Il travaille ensuite jour et nuit, "presque 120 heures par semaine", pour créer, inventer encore et encore des pralines aussi étonnantes les unes que les autres, sans oublier les classiques.

"Le client est roi. Le client décide, tempère-t-il. Ses choix guident notre gamme. Dans notre métier, ce qui est important, ce n’est pas tant l’innovation. Il est possible de faire des ganaches aromatisées à différentes saveurs, mais ce qui compte, c’est la demande des clients, l’équilibre des saveurs, la longueur en bouche, l’onctuosité et le croquant. Si vous prenez une de mes pralines et que vous la laissez tomber, elle va casser. C’est un signe de qualité. "

Pour étendre ses activités, il investit, crée son propre atelier de 200 mètres carrés à Genval et passe plusieurs contrats avec de grands magasins comme Delitraiteur, Carrefour ou Delhaize.
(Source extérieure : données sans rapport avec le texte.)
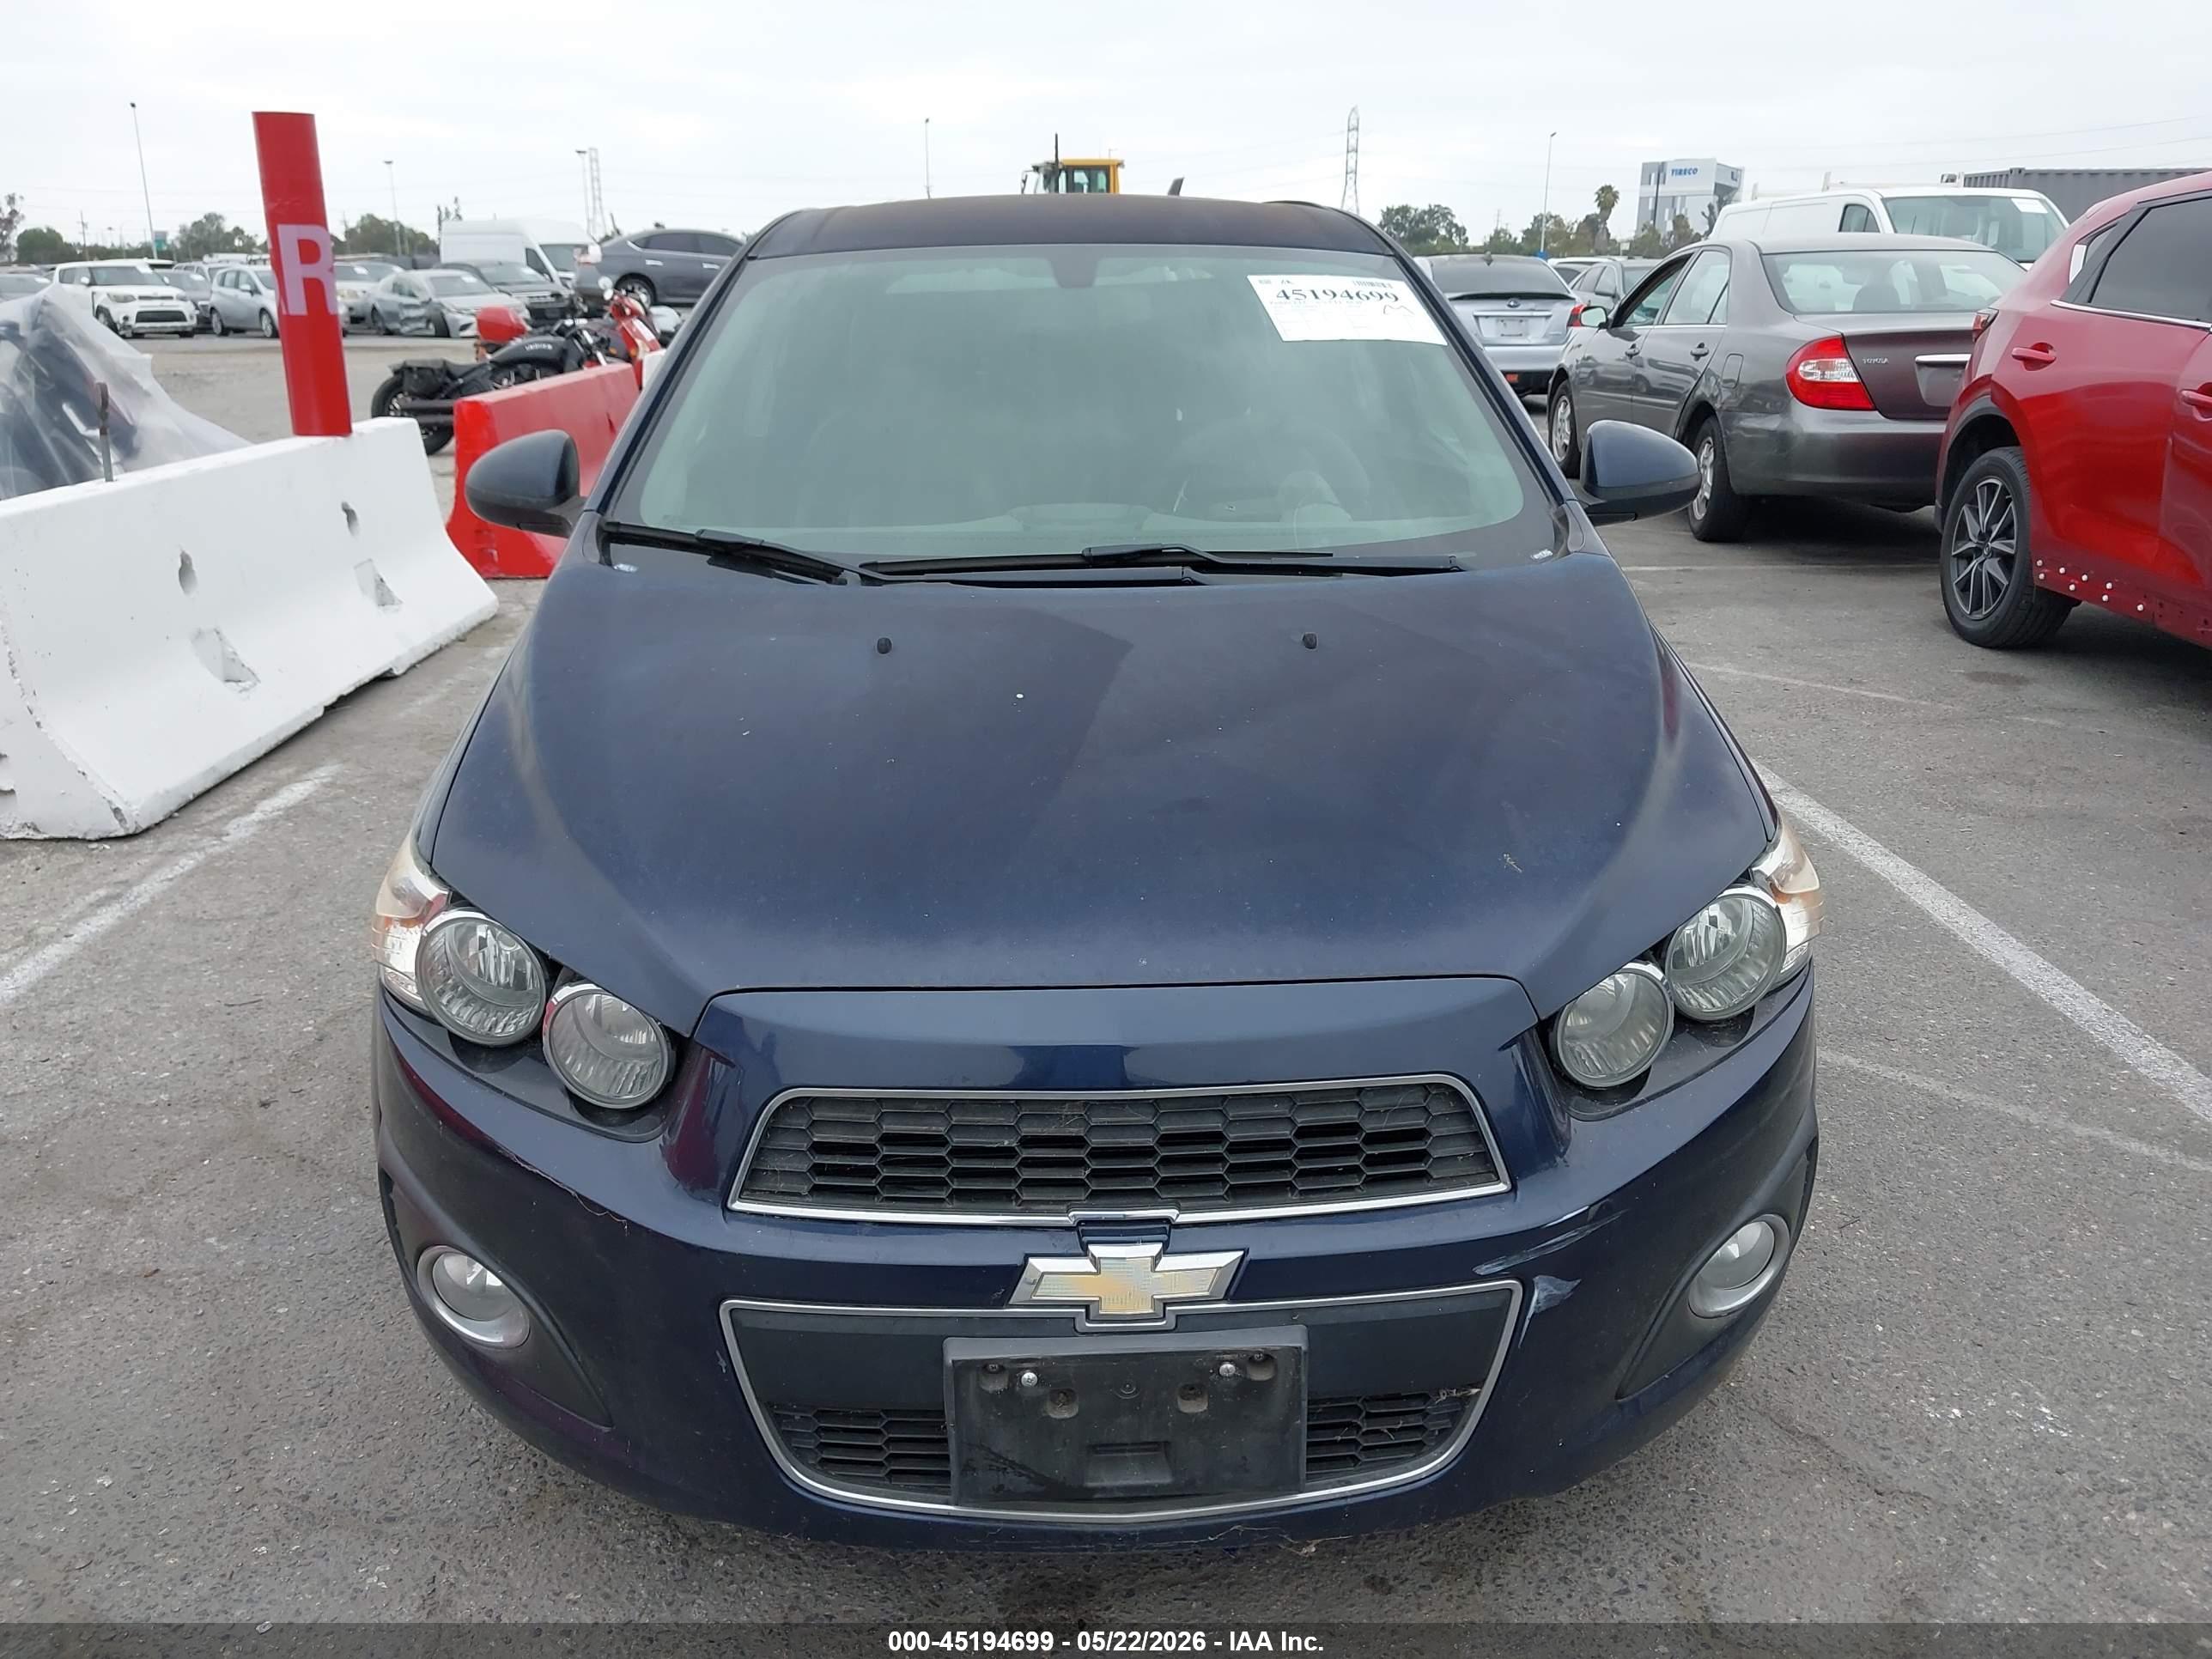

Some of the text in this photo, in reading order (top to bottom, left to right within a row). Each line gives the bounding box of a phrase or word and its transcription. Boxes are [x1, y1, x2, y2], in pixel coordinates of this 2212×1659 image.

[1671, 167, 1698, 177] TIRECO
[277, 224, 338, 315] R
[1276, 288, 1400, 302] 45194699
Il compte plus d’une trentaine d’adresses du genre dans son carnet de commandes. "On vend également dans de grands restaurants et on exporte aussi à Hong Kong et au Japon", poursuit-il.

L’inspiration lui vient en dormant ou par accident. Comme ce jour où il oublie un chocolat sur le feu alors qu’il est au téléphone avec un client. "Il était cramé. Je me suis retrouvé avec 30 kilos invendables. J’ai eu alors l’idée d’y incorporer du Grand Marnier", raconte-t-il.

Et là, surprise, le résultat est bluffant. Il répète l’opération (sans faire de faute cette fois-ci) et donne naissance à sa praline ganache Grand Marnier nougatine. 25 ans plus tard, cette praline fait encore partie de son catalogue.

"Il n’y a aucune limite avec le chocolat. Liquide, malléable, aromatisé, blanc, noir, au lait. Il faut que cela reste du chocolat et non du reste, comme le font certains. L’appellation ‘artisan chocolatier’ est importante car il s’agit d’un travail collectif, passionnant", conclut-il.